======== Records ========

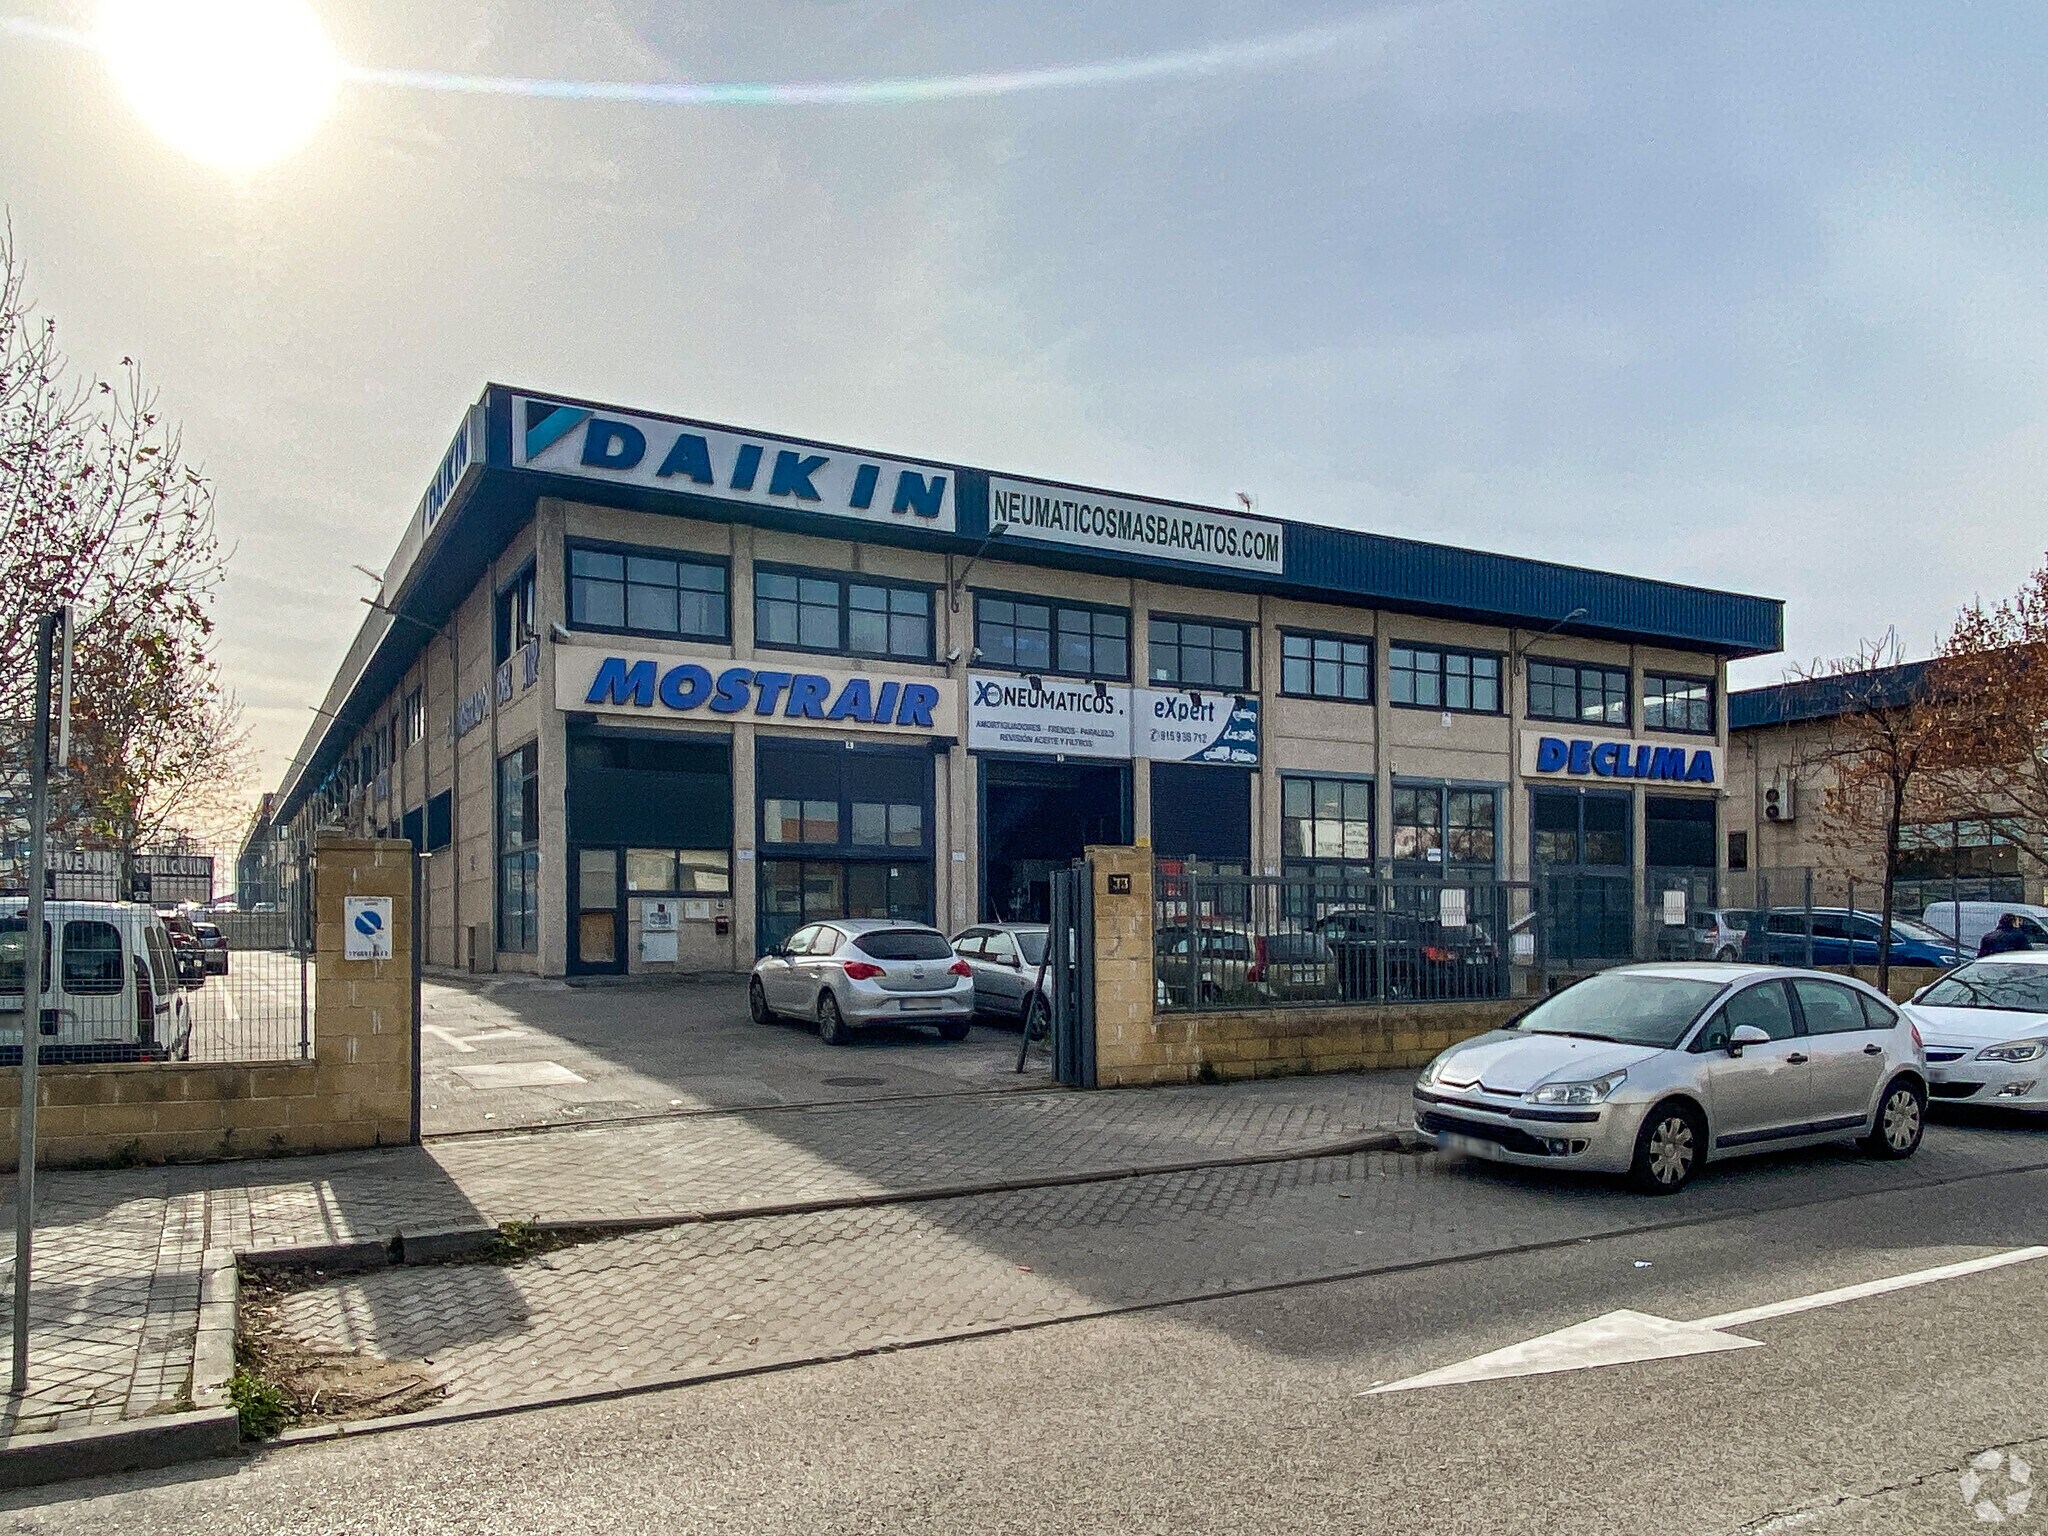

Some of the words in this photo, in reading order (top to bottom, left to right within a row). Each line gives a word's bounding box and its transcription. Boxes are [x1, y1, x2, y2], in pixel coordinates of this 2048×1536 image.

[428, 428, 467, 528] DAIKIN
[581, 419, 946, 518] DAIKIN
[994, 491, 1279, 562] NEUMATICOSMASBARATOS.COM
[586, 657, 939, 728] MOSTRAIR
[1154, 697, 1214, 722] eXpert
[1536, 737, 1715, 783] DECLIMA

========

[Problem description]
All of the records above should be written out exactly, with the pictures left out.

[Written reply]
Some of the words in this photo, in reading order (top to bottom, left to right within a row). Each line gives a word's bounding box and its transcription. Boxes are [x1, y1, x2, y2], in pixel coordinates of this 2048×1536 image.

[428, 428, 467, 528] DAIKIN
[581, 419, 946, 518] DAIKIN
[994, 491, 1279, 562] NEUMATICOSMASBARATOS.COM
[586, 657, 939, 728] MOSTRAIR
[1154, 697, 1214, 722] eXpert
[1536, 737, 1715, 783] DECLIMA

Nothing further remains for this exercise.